■ Problem
With the pictures removed, write out the full listing below exactly.

■ Data to examine
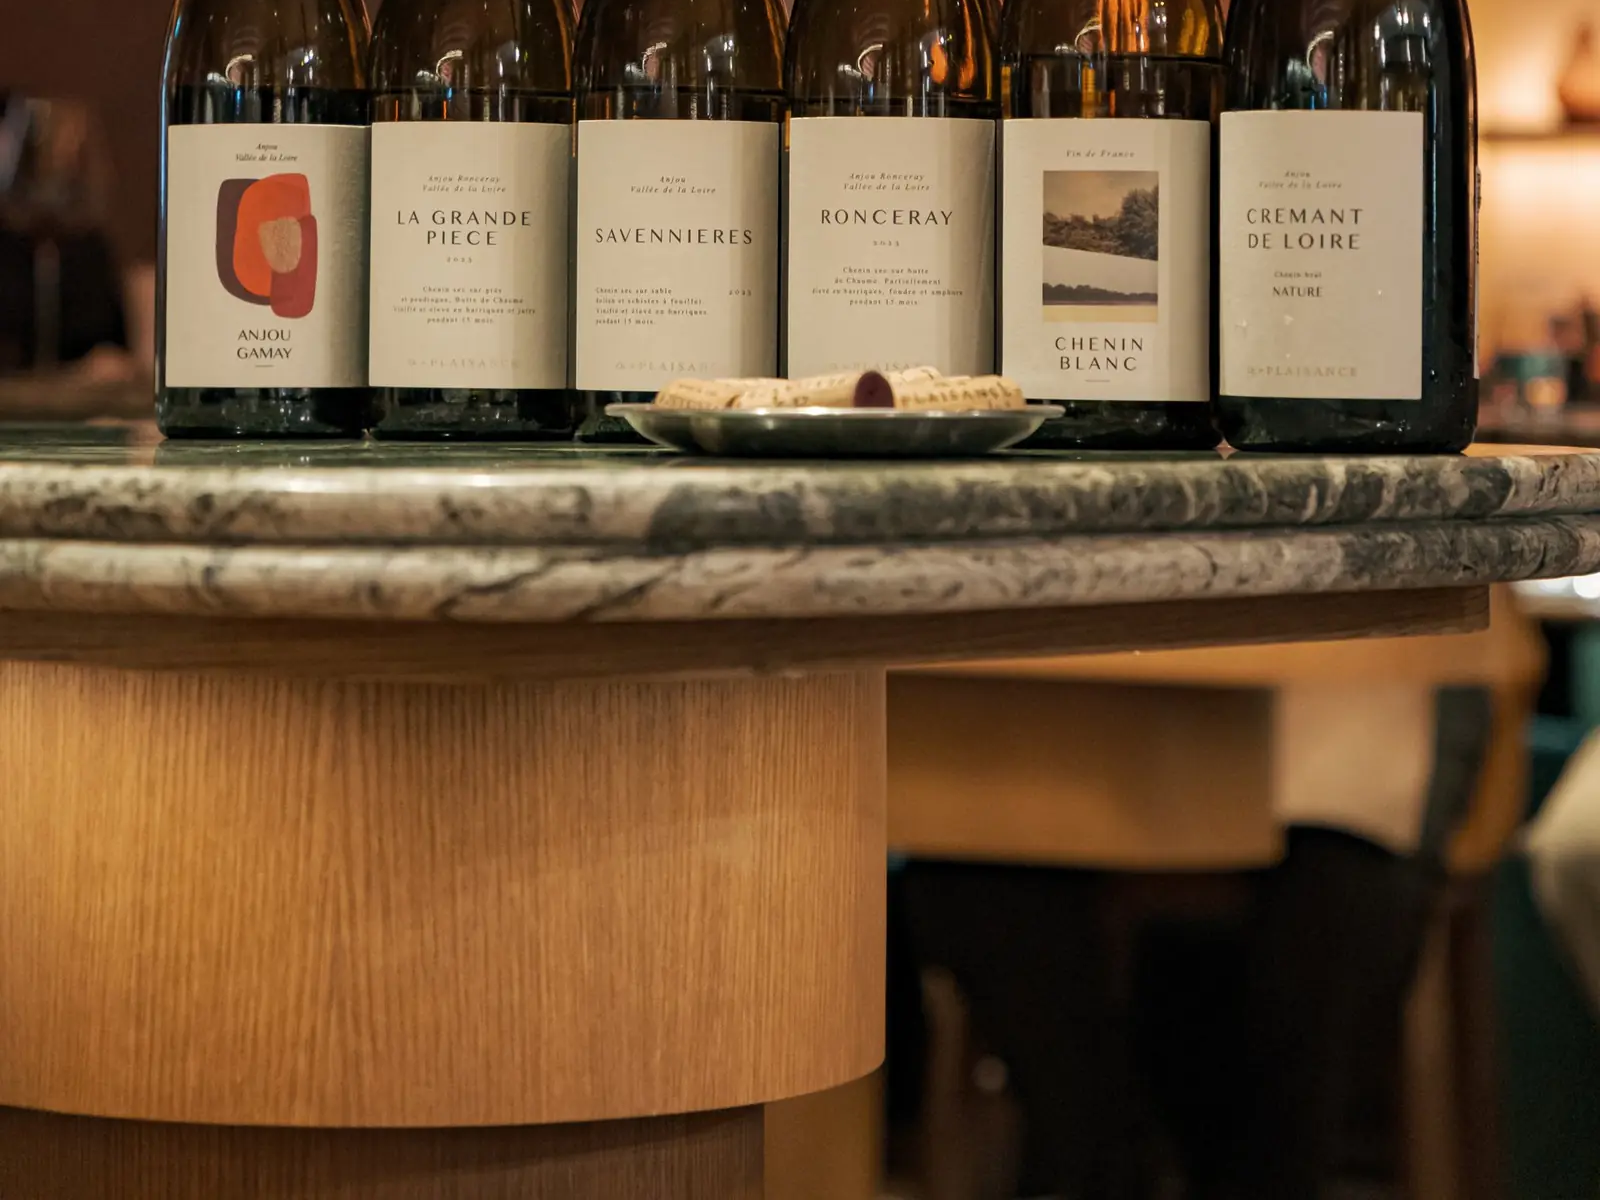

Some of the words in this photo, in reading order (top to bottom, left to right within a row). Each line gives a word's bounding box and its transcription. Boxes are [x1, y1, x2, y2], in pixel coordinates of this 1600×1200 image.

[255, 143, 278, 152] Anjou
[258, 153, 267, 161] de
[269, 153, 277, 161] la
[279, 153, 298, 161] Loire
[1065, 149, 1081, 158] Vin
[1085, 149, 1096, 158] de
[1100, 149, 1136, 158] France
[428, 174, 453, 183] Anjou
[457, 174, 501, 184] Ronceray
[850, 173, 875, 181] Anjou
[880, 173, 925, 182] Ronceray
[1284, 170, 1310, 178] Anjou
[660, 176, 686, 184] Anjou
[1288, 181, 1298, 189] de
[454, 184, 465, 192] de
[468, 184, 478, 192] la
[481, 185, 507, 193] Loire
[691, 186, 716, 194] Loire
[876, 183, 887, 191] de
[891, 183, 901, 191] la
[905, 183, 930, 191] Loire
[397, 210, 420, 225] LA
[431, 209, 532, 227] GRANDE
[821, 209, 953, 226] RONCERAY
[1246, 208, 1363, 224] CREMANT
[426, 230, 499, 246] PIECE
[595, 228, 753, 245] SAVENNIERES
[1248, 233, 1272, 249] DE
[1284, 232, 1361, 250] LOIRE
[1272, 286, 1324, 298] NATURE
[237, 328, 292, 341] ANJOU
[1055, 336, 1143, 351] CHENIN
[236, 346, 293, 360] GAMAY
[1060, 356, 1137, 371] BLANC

■ Your response
Some of the words in this photo, in reading order (top to bottom, left to right within a row). Each line gives a word's bounding box and its transcription. Boxes are [x1, y1, x2, y2], in pixel coordinates of this 1600×1200 image.

[255, 143, 278, 152] Anjou
[258, 153, 267, 161] de
[269, 153, 277, 161] la
[279, 153, 298, 161] Loire
[1065, 149, 1081, 158] Vin
[1085, 149, 1096, 158] de
[1100, 149, 1136, 158] France
[428, 174, 453, 183] Anjou
[457, 174, 501, 184] Ronceray
[850, 173, 875, 181] Anjou
[880, 173, 925, 182] Ronceray
[1284, 170, 1310, 178] Anjou
[660, 176, 686, 184] Anjou
[1288, 181, 1298, 189] de
[454, 184, 465, 192] de
[468, 184, 478, 192] la
[481, 185, 507, 193] Loire
[691, 186, 716, 194] Loire
[876, 183, 887, 191] de
[891, 183, 901, 191] la
[905, 183, 930, 191] Loire
[397, 210, 420, 225] LA
[431, 209, 532, 227] GRANDE
[821, 209, 953, 226] RONCERAY
[1246, 208, 1363, 224] CREMANT
[426, 230, 499, 246] PIECE
[595, 228, 753, 245] SAVENNIERES
[1248, 233, 1272, 249] DE
[1284, 232, 1361, 250] LOIRE
[1272, 286, 1324, 298] NATURE
[237, 328, 292, 341] ANJOU
[1055, 336, 1143, 351] CHENIN
[236, 346, 293, 360] GAMAY
[1060, 356, 1137, 371] BLANC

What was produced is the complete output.